Author:Chuan Chen 阅读数:43895人阅读 分类: MongoDB

Hash Index

A hash index is a special type of single-field index in MongoDB that uses a hash function to compute the hash value of the indexed field and stores the hash result in the index. Unlike regular B-tree indexes, hash indexes do not support range queries but can provide faster performance for equality queries.

Key features of hash indexes include:

  1. Supports only exact match queries ($eq), not range queries ($gt, $lt, etc.)
  2. Does not support multikey indexes (array fields)
  3. Hash values are evenly distributed, reducing hotspot issues
  4. Fixed index size since all hash values have the same length

Syntax for creating a hash index:

db.collection.createIndex({ field: "hashed" })

Example: Creating a hash index for the username field in a users collection:

db.users.createIndex({ username: "hashed" })

Hash indexes are particularly suitable for:

  • Fields with frequent equality queries and uneven data distribution
  • Scenarios requiring write load distribution
  • Fields where range queries are unnecessary

Note that hash indexes do not support compound indexes and cannot be combined with other index types. When querying with a hash index, the query planner automatically selects the hash index for exact match queries.

TTL Index

TTL (Time To Live) indexes are a special type of index in MongoDB that allow automatic deletion of expired documents from a collection. These indexes are particularly useful for managing temporary data (e.g., session information, logs, caches) by automatically cleaning up expired data, reducing manual maintenance efforts.

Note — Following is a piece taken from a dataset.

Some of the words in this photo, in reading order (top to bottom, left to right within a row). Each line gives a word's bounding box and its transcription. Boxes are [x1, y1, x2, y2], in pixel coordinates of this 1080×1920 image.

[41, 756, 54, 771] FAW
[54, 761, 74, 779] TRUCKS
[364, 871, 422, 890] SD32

Key features of TTL indexes:

  1. Based on date-type fields
  2. Background thread for automatic deletion runs every minute by default
  3. Can specify document lifetime in seconds
  4. Can only be created on a single field

Basic syntax for creating a TTL index:

db.collection.createIndex({ field: 1 }, { expireAfterSeconds: 3600 })

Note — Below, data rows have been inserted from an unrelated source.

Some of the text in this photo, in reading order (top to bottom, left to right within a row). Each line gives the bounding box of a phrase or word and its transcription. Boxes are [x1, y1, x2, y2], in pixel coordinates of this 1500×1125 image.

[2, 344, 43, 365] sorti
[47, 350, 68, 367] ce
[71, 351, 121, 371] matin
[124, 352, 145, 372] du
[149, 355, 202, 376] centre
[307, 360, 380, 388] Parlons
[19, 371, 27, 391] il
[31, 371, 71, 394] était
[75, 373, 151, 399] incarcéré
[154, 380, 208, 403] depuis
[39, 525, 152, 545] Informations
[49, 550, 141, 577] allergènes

Example 1: Creating a log index that expires after 24 hours:

db.logs.createIndex({ createdAt: 1 }, { expireAfterSeconds: 86400 })

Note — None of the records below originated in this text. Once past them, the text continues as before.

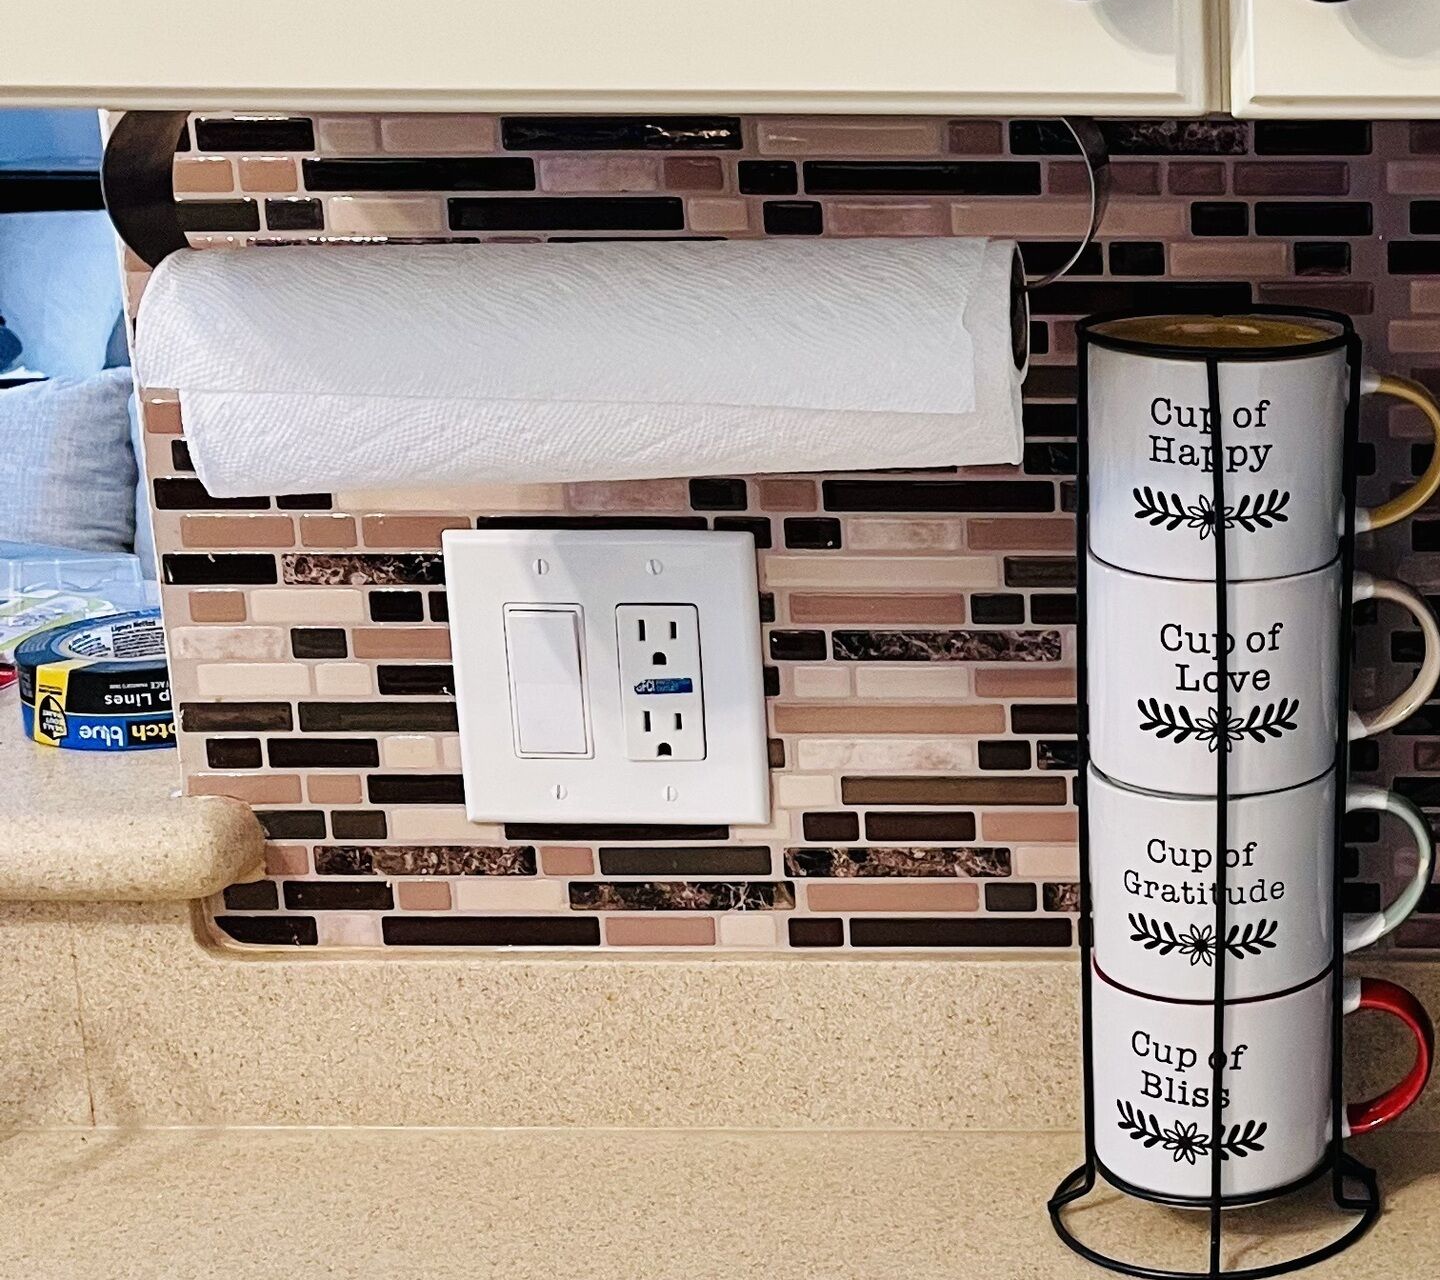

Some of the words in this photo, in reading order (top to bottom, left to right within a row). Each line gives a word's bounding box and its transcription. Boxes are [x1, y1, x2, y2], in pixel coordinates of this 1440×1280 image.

[1151, 397, 1214, 434] Cup
[1232, 399, 1271, 429] of
[1148, 434, 1273, 473] Happy
[1160, 623, 1236, 661] Cup
[1246, 622, 1284, 653] of
[1174, 663, 1271, 693] Love
[104, 693, 152, 707] Lines
[79, 725, 124, 747] blue
[131, 722, 176, 741] otch
[1147, 838, 1213, 873] Cup
[1223, 841, 1258, 868] of
[1123, 869, 1285, 905] Gratitude
[1131, 1030, 1197, 1073] Cup
[1208, 1044, 1249, 1070] of
[1140, 1069, 1231, 1109] Bliss
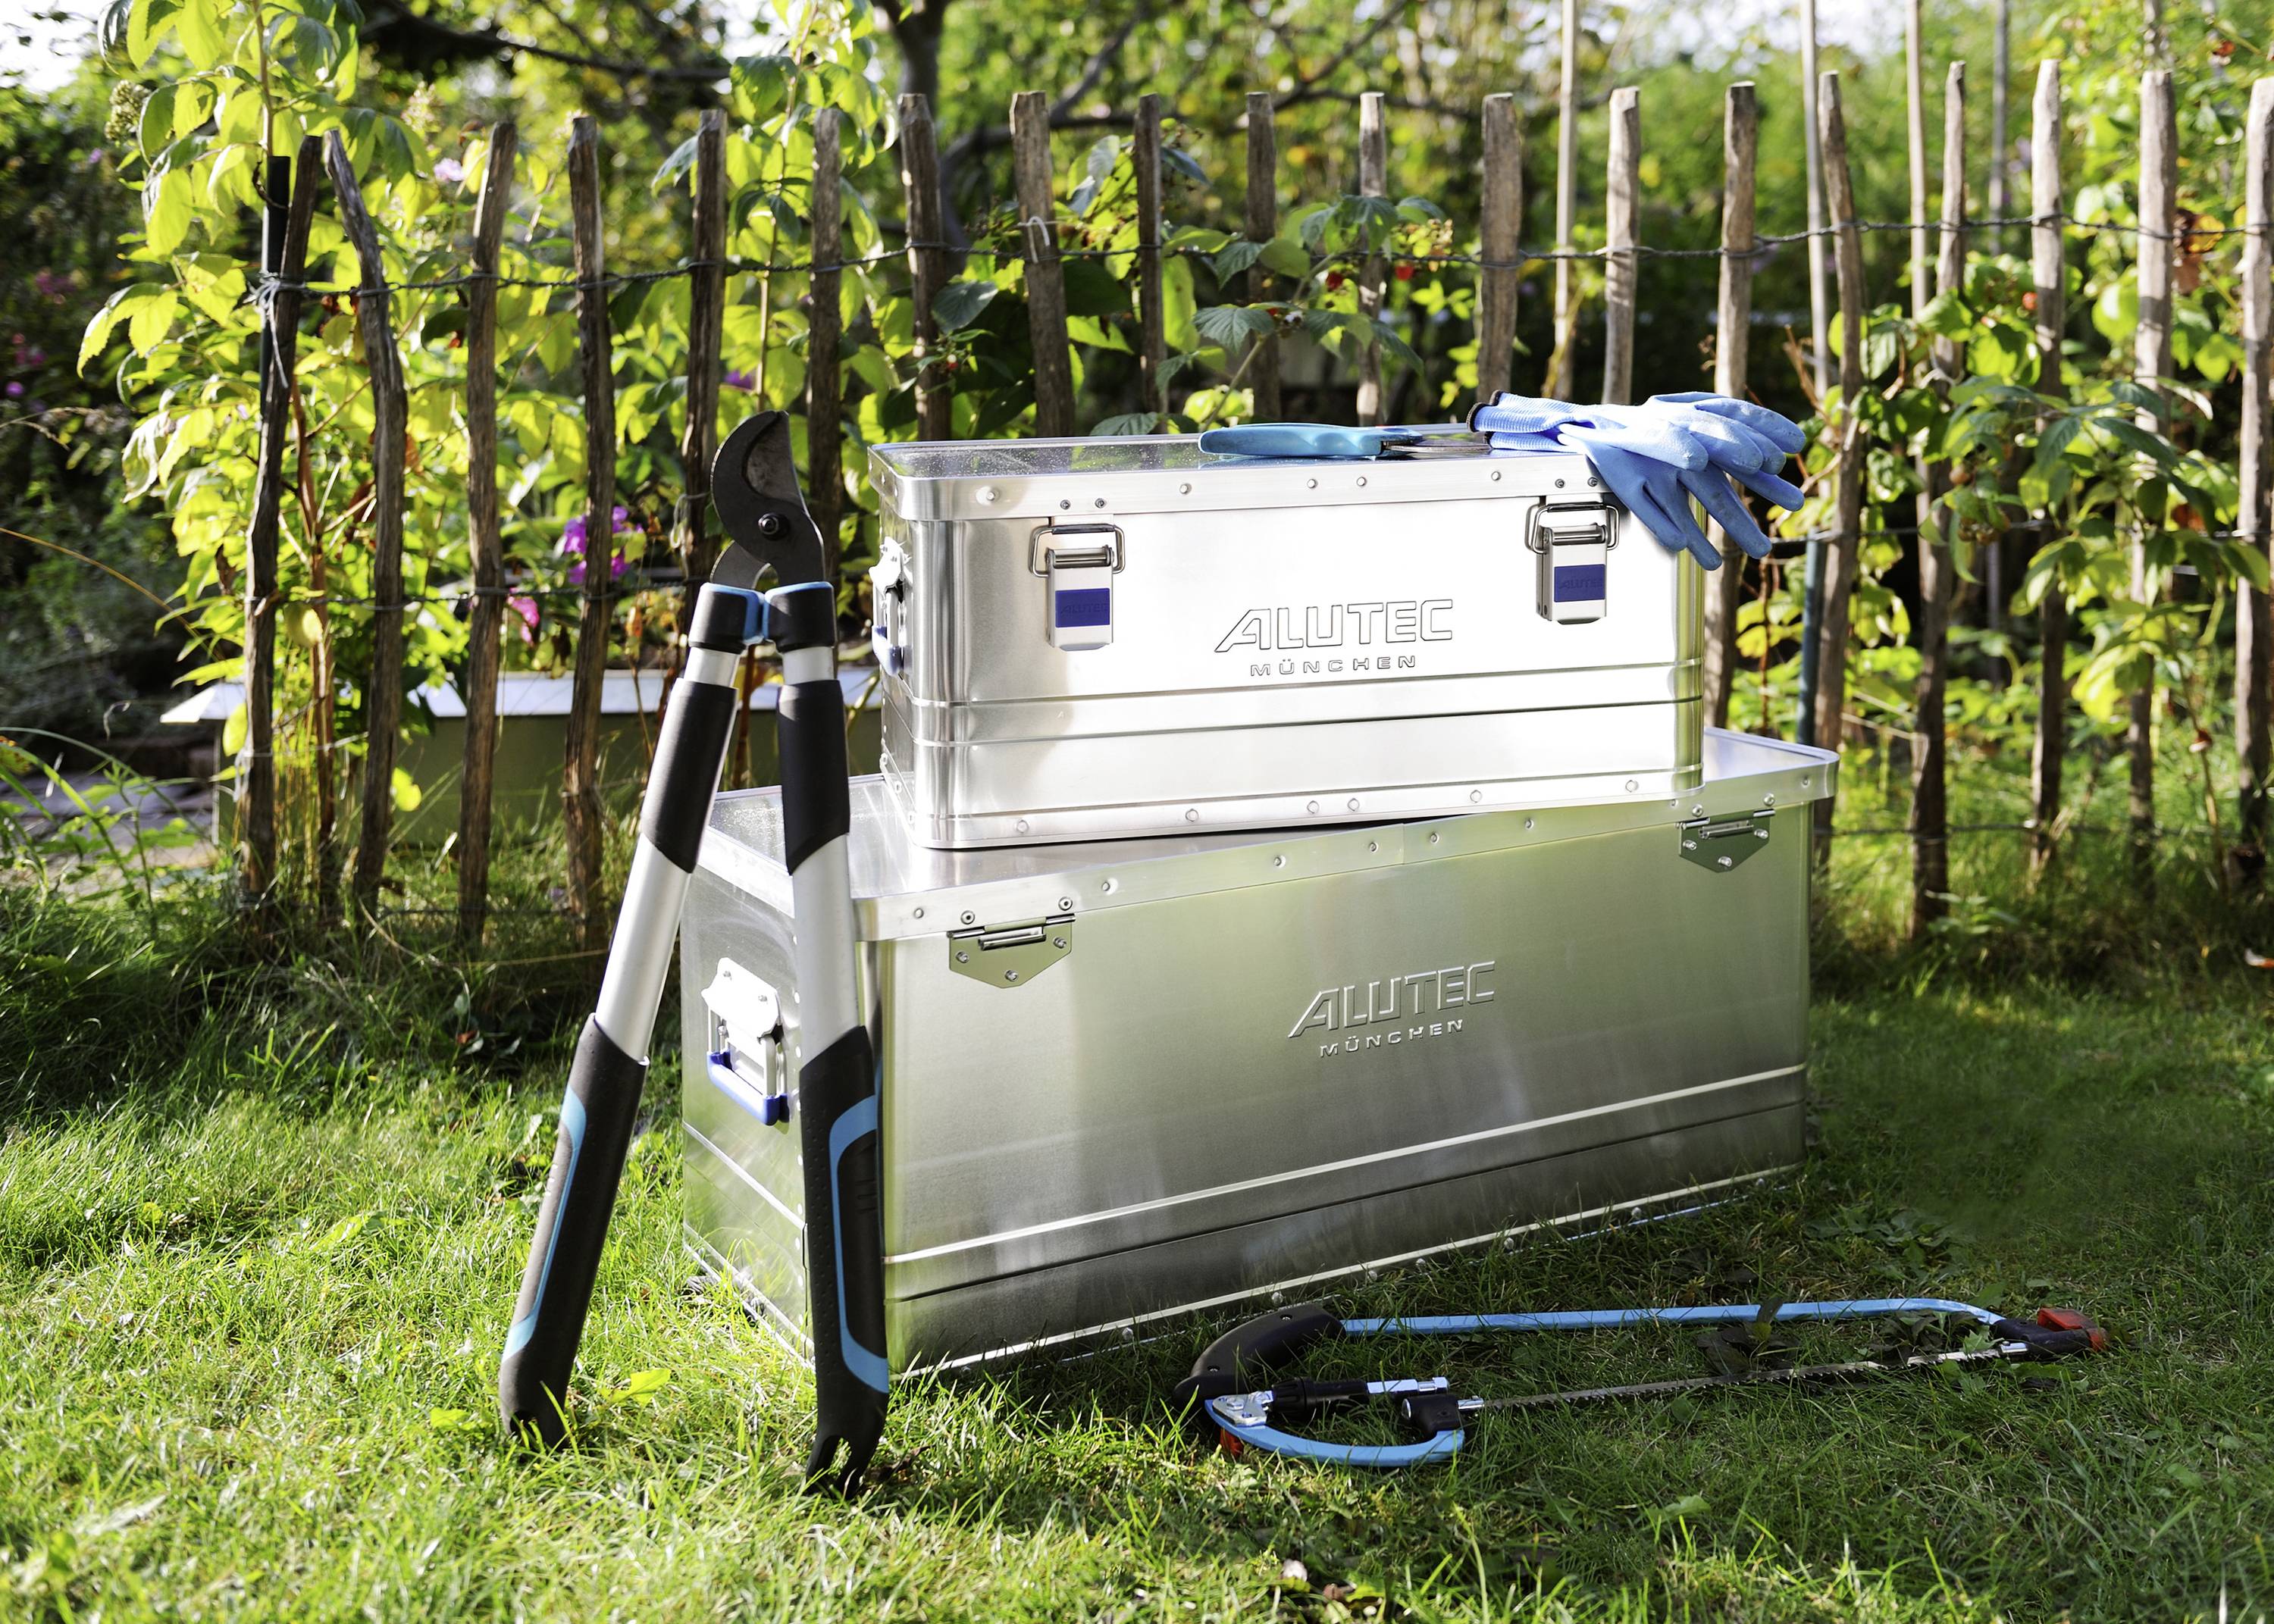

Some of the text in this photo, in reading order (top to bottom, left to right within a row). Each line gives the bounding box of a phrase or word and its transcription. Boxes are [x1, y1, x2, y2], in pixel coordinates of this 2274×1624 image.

[1214, 599, 1453, 653] ALUTEC
[1250, 656, 1416, 677] MÜNCHEN
[1288, 960, 1496, 1038] ALUTEC
[1320, 1018, 1464, 1058] MÜNCHEN

Example 2: Creating a session index that expires after 1 hour:

db.sessions.createIndex({ lastAccessed: 1 }, { expireAfterSeconds: 3600 })

How TTL indexes work:

  1. MongoDB periodically checks TTL indexes (default every 60 seconds)
  2. For documents where the indexed field is a date, MongoDB compares it with the current time
  3. If the current time exceeds the field value plus expireAfterSeconds, the document is deleted

Important considerations:

  • Documents with non-date fields or non-date values will not be automatically deleted
  • Documents without the indexed field will not be automatically deleted
  • Deletion operations are asynchronous and may be delayed
  • In replica sets, deletions occur only on the primary node and are synced to secondaries via oplog

Advanced usage: Dynamic TTL Different expiration times can be achieved by storing them in documents:

// Document contains an expireAt field specifying exact expiration time
db.events.insertOne({
  message: "System maintenance",
  expireAt: new Date("2023-12-31T23:59:59Z")
})

// Creating a TTL index with expireAfterSeconds set to 0 uses the exact date in the field
db.events.createIndex({ expireAt: 1 }, { expireAfterSeconds: 0 })

Comparison of Hash Indexes and TTL Indexes

Although both hash indexes and TTL indexes are special index types in MongoDB, they address completely different problems:

Feature Hash Index TTL Index
Primary purpose Optimizes equality query performance Automatically deletes expired documents
Index field type Any type Must be a date type
Query support Only exact matches Does not affect query capability
Automatic maintenance None Automatically deletes expired documents
Compound indexes Not supported Not supported
Performance impact Hash computation during writes Periodic background scans

These indexes can be combined in practice. For example, in a message queue system:

// Create hash index on message ID for faster lookups
db.messages.createIndex({ messageId: "hashed" })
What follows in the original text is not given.